Doppelposten wurden aufgestellt, und jedermann legte sich heldenhaft schlafen.
Am Morgen zogen wir nordwärts über einen Hang voller Dornsträucher, in denen Lerchen großen Lärm veranstalteten, zu einem Lagerplatz in der Nähe einer Wasserstelle vor den Zelten der Delaim.
Ging mit dem dicken Scheich hinüber, um den Delaim einen Besuch abzustatten. Ihre Zelte sind sehr groß, offen an der windgeschützten Seite, in der Mitte ein Vorhang, hinter dem das Quartier der Frauen liegt. Für jeden, der in einer Kultur aufgewachsen ist, die den Besitz anbetet, sind diese Zelte unglaublich leer. Ein paar Teppiche, einige Sättel und Gewehre, Schaffelle, Kochtöpfe und die schwarzen schmucklosen Wände ihre Zelte – das ist alles, was die Delaim zwischen der nackten Erde und dem unvorstellbar weiten Himmel für sich haben. Wir saßen auf Teppichen, die für uns ausgebreitet worden waren, Kaffee wurde gebracht, ich blickte über die Ebene, die sich endlos weit nach Süden erstreckte, auf der große Schafherden weideten, dazwischen Männer in braunen Gewändern wie Figuren aus dem Alten Testament, während der dicke Scheich würdevoll mit den Leuten sprach, deren Gäste wir waren. Dann brachte eine Frau eine flache Holzschale mit einem ungesäuerten, noch warmen Fladenbrot, das in Schafsbutter schwamm. Muss die Art Butter gewesen sein, die Jael in einer herrlichen Schale auftrug. Ein kleiner Junge goss uns Wasser aus einem Kupferkrug über die Hände, und das Familienoberhaupt brach mit einem lauten Hamdulillah ein Stück Brot aus der Mitte des Tellers. Daraufhin streckten wir alle die rechte Hand aus und begannen zu essen.
Am Nachmittag ging ich umher, saß an verschiedenen Lagerfeuern und trank Kaffee und versuchte herauszufinden, wie lange wir in den Zelten der Delaim bleiben würden. Alle sagten, dass es bukra inschallah weitergeht, aber sie sagten so oft inschallah und rollten dabei so fürchterlich mit den Augen, dass sie die Entscheidung offenbar an Allah abgegeben haben und wir wohl noch eine Weile bleiben werden.

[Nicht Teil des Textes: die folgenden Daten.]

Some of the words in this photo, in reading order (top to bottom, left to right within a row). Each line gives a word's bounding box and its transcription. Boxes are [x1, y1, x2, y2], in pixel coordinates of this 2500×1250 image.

Zwölfter Tag. Eiskalter Wind. Es ist so kalt, dass man nur am Feuer sitzen kann und einem der Rauch in die Augen steigt.
Besuchte die Damaszener Kaufleute, die mir neulich das Gebäck geschenkt hatten. Der kleine Junge produzierte zum Stolz und Entzücken aller Anwesenden zwei, drei Sätze in exzellentem Englisch. Sein älterer Bruder kennt ungefähr fünf Wörter Französisch, so dass wir eine lebhafte Konversation führten. Der Vater schien unsere Chancen ausgesprochen düster zu beurteilen, er meinte, dass wir vermutlich nach Bagdad zurückkehren. Aber der Kleine, der nicht älter als zehn sein kann, ermutigte alle Anwesenden mit den Worten: «Wir werden Bedawi mit unseren Gewehren erschießen.»

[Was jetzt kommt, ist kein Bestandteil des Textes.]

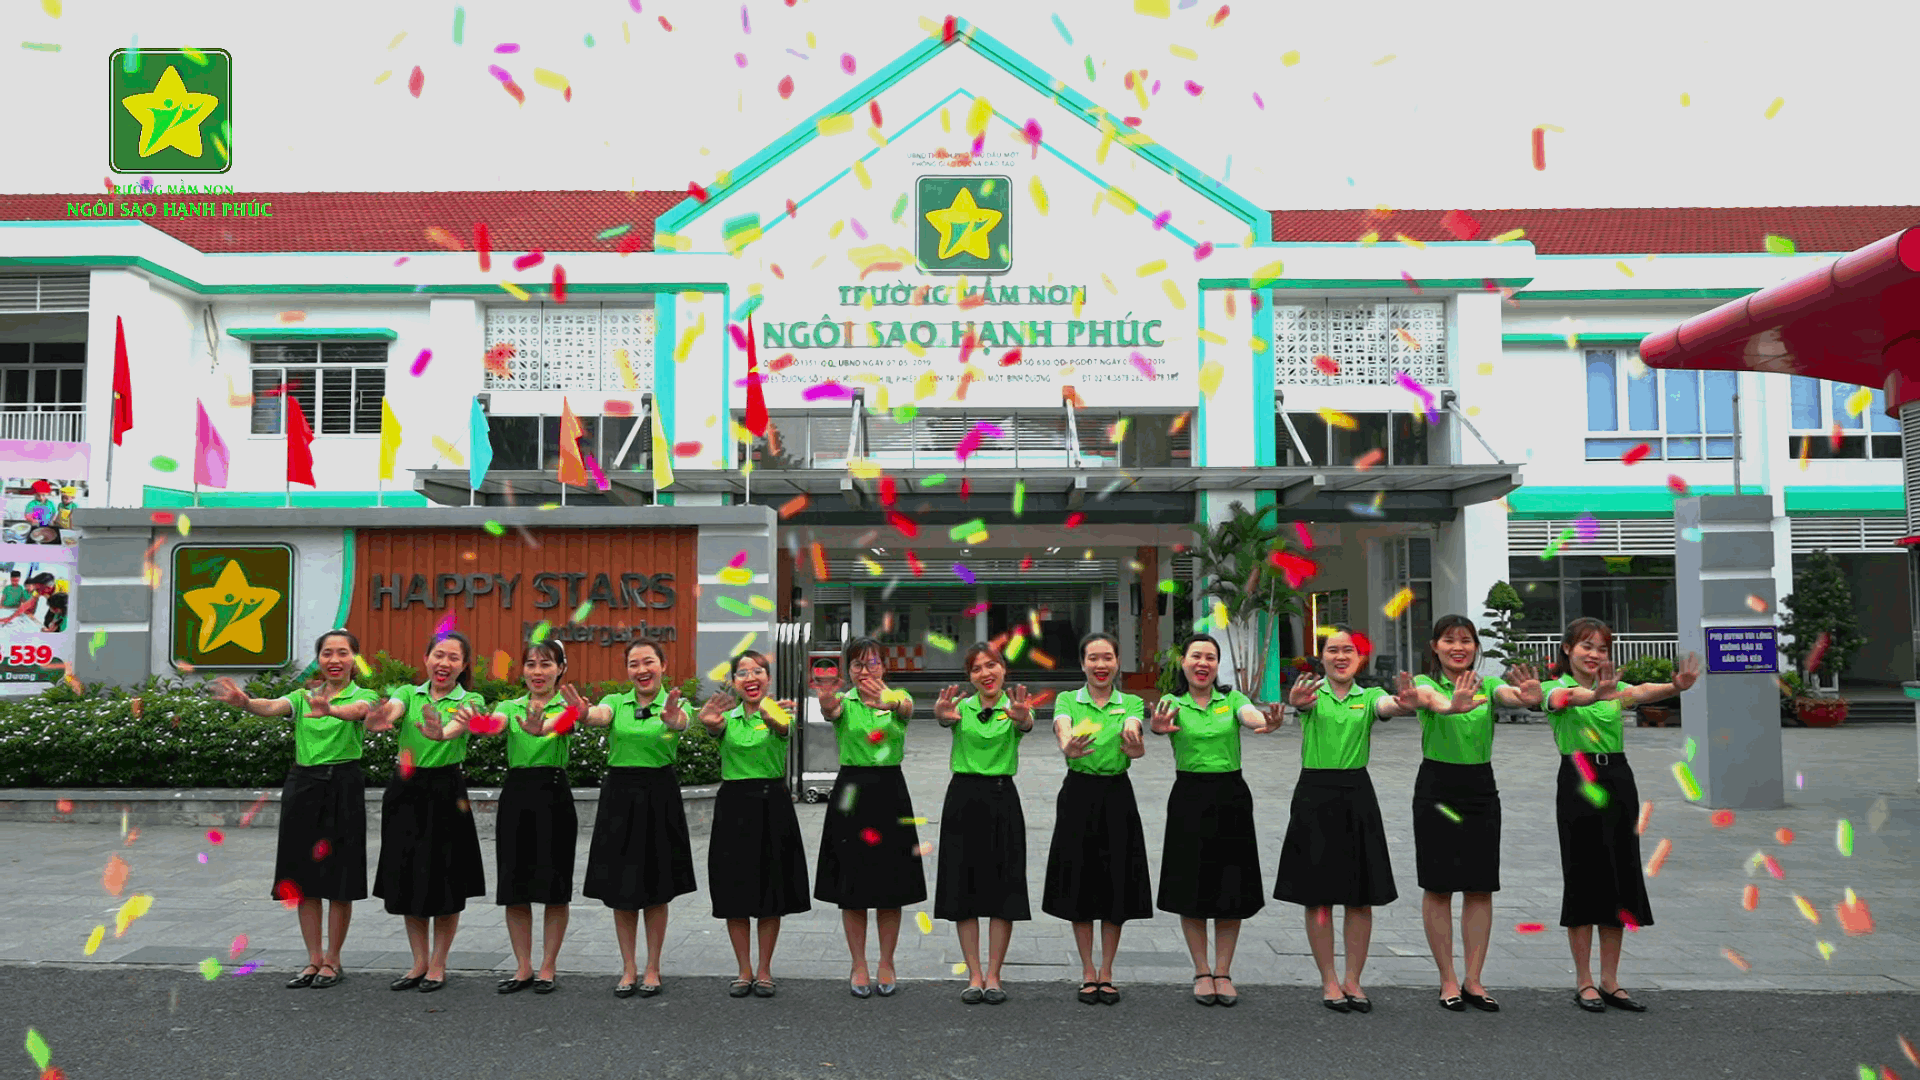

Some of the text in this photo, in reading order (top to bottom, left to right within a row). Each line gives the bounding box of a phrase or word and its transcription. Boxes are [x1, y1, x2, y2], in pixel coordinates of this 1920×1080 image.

[1028, 284, 1087, 305] NON
[763, 311, 1165, 356] NGÔI SAO HẠNH PHÚC
[372, 571, 678, 610] HAPPY STARS
[523, 619, 678, 647] Kndergarten
[9, 644, 53, 666] 539

Der Enthusiasmus, mit der die Delaim meine Sachen mustern, gefällt mir nicht unbedingt. Drei prächtige Halunken haben gerade mein Zelt verlassen. Lange saßen sie da, das Wort Bakschisch auf der Zungenspitze, fuhren mit den Fingern über die Leinwand und meine Abaya und meinen Koffer und fragten, was darin sei, und beim Anblick des silberbeschlagenen Sattels, den El-Suadi mir geliehen hat, funkelten ihre Augen vor Gier. Ich versuchte, sie mit Zigaretten abzuspeisen.
Schlecht. Ungefähr Mittag. Der Wind gleicht einer Rasierklinge, und das Lager ist in heller Aufregung. Die lustigen Männer von Ibn Kubain haben uns provoziert und unsere Kamele vom Weidegrund getrieben. Von der kleinen Anhöhe mit dem Steinhaufen habe ich sie hinter dem Horizont verschwinden sehen. Leute aus dem Camp liefen herbei und schossen ihnen hinterher, aber die Kubain sind stärker als wir oder zumindest unverfrorener.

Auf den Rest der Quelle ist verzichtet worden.